In most of these 2.5D chiplet-package co-design works [4, 5], chiplet-package interactions are not considered. In a more recent work [2], a holistic flow was proposed that captures the chiplet-package interactions and iteratively improves the system performance. However, this holistic flow cannot accommodate chiplets from heterogeneous technologies. Moreover, such a holistic approach does not scale well when tens of chiplets are involved. An in-context co-design flow that can handle chiplets from heterogeneous technologies was proposed in [6]. However, as evident from Table 5 in [6], the ground and coupling capacitances on package layers are highly overestimated. Such variance is not adequate for highly accurate analysis. Therefore, a chiplet-package co-design and co-optimization CAD flow is in imminent demand, especially for heterogeneous 2.5D systems. It should achieve similar accuracies as the holistic flow and scale well with the number of chiplets and technologies involved.
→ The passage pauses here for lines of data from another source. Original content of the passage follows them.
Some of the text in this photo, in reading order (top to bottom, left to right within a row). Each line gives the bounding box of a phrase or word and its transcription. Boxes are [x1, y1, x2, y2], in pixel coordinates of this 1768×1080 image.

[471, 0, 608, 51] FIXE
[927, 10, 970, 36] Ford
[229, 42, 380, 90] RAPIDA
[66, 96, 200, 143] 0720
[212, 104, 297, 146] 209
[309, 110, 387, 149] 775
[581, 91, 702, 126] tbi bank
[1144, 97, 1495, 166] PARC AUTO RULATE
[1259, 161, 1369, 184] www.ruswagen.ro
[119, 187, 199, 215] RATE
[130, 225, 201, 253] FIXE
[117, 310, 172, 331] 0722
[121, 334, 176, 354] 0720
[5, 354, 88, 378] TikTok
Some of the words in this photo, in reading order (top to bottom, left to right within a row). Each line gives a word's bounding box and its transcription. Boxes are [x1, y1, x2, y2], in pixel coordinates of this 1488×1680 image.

In this paper, we present a scalable in-context chiplet-package cooptimization flow for heterogeneous 2.5D systems. Our flow achieves highly accurate extraction results and optimizes a heterogeneous



Fig. 1. Proposed in-context flow for heterogeneous 2.5D systems.
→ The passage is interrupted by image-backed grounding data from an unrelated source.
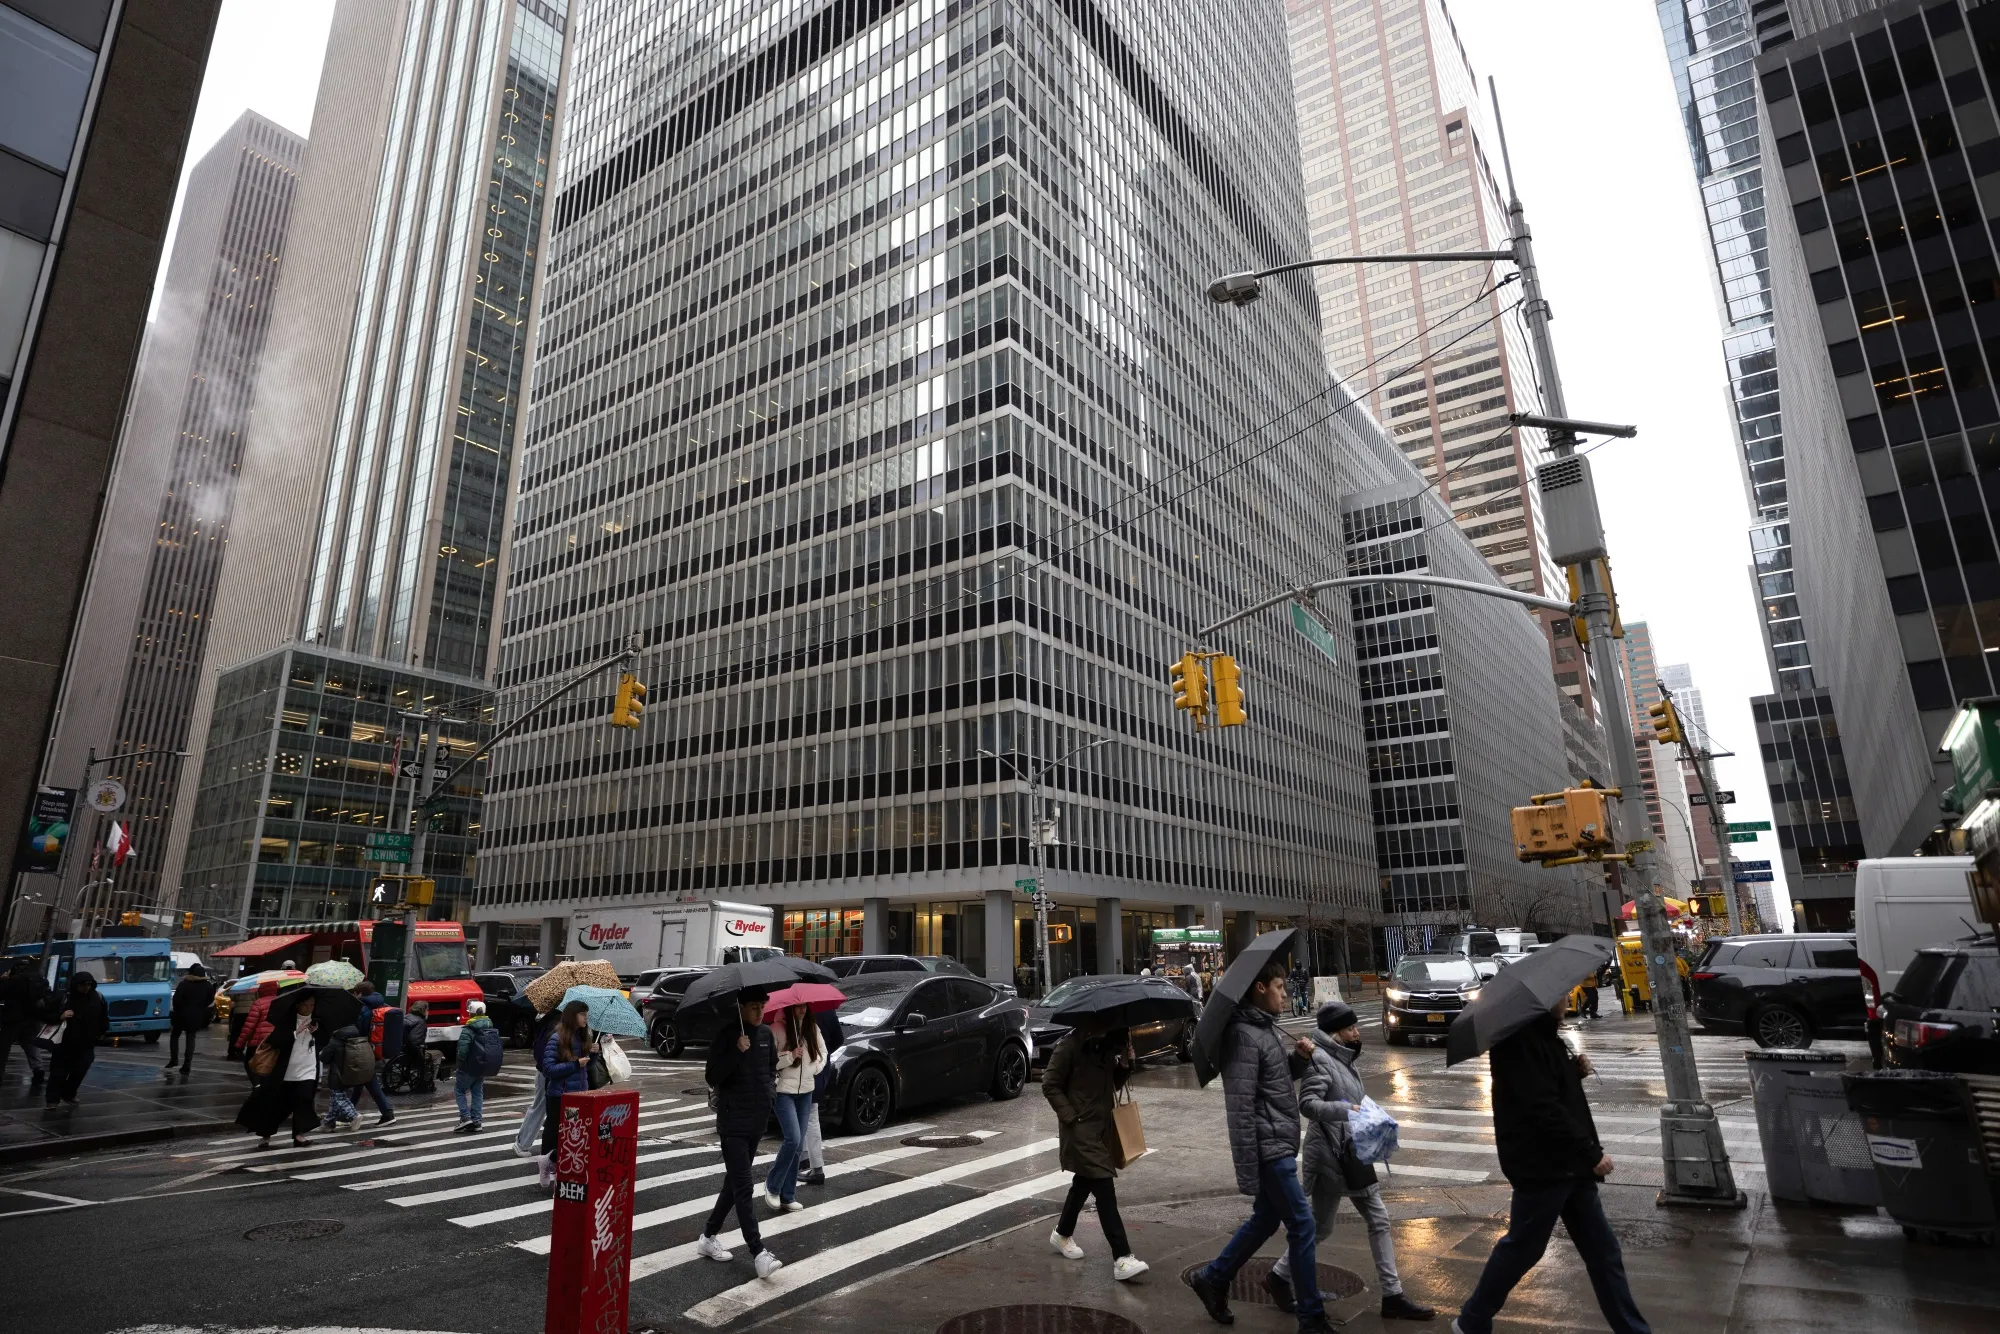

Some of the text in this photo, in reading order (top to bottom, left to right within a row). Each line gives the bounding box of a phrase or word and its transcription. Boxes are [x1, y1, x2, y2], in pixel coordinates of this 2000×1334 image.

[41, 799, 56, 808] Step
[429, 821, 434, 829] 6
[1732, 824, 1767, 832] AMERICAS
[377, 835, 386, 845] W
[388, 835, 400, 846] 52
[1738, 834, 1744, 842] 6
[374, 849, 399, 861] SWING
[734, 920, 766, 934] Ryder
[589, 922, 630, 944] Ryder
[601, 940, 634, 951] Ever better.
system to provide performance comparable to homogeneous systems. Our flow leverages industry-standard tools to perform in-context extraction on heterogeneous 2.5D systems while ensuring the compatibility of extraction results with the industry-standard ASIC CAD flow. We then utilize the holistic-like extraction result to perform cross-boundary analysis and iterative system-level optimization. In this work, we claim the following new contributions: (1) An accurate and scalable extraction strategy to perform in-context extraction and timing optimization of heterogeneous 2.5D systems; (2) A new incontext design flow to perform timing and signal integrity analyses with a complete view of the heterogeneous system; (3) A comparative case study to validate our methodology.

To our best knowledge, there exists no other tool flow that implements a scalable in-context co-optimization flow for heterogeneous 2.5D systems with holistic-like accuracy and effectiveness in extraction, analysis, and optimization steps.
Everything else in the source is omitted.